This is Chas W. Freeman‘s remarks to the China Studies Center, Washington, DC on 27 March 2007:
We are here to inaugurate a new center for research, analysis, and education about China, a country to our far West that never stops challenging the minds of those who study it or the character of those who rule it. No country has had a history of comparable continuity. None so well illustrates how seldom the future repeats the past but how easily it can rhyme with what has gone before.
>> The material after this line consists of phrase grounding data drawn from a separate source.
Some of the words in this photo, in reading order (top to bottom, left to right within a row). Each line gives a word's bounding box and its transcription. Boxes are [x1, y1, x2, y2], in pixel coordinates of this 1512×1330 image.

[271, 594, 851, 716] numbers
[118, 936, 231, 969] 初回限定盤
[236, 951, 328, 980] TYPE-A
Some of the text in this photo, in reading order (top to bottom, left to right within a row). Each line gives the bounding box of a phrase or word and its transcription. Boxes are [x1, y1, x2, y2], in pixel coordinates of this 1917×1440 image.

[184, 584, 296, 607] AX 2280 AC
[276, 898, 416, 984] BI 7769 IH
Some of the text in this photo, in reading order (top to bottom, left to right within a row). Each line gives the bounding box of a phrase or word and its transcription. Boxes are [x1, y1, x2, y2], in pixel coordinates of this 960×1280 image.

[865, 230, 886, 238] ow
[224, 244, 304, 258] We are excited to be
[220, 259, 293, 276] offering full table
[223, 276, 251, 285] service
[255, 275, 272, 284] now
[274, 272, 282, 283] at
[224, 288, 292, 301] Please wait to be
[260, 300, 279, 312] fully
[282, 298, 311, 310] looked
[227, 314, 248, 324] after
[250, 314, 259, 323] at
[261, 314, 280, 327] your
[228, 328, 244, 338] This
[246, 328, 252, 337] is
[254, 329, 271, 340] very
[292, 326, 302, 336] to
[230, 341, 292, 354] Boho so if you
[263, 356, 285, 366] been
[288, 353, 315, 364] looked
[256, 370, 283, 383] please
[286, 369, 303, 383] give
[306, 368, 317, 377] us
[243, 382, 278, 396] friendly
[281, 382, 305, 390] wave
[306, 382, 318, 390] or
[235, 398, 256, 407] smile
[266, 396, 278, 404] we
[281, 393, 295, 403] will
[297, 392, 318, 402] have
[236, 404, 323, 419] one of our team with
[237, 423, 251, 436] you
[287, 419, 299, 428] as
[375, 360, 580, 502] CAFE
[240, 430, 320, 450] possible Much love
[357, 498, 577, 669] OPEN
China had a couple of bad centuries, but it is back, and it is on the way to the center of global affairs. As China restores itself to wealth and power, its leaders display a resolute confidence in the future. But they are also mindful that no one has ever before tried to govern a republic of 1 1/3 billion people in a territorial expanse the size of a continent, still less to transform so many ambitious individuals and obstreperous regions into a harmonious but innovative whole. What are the implications of China’s success or failure at this task?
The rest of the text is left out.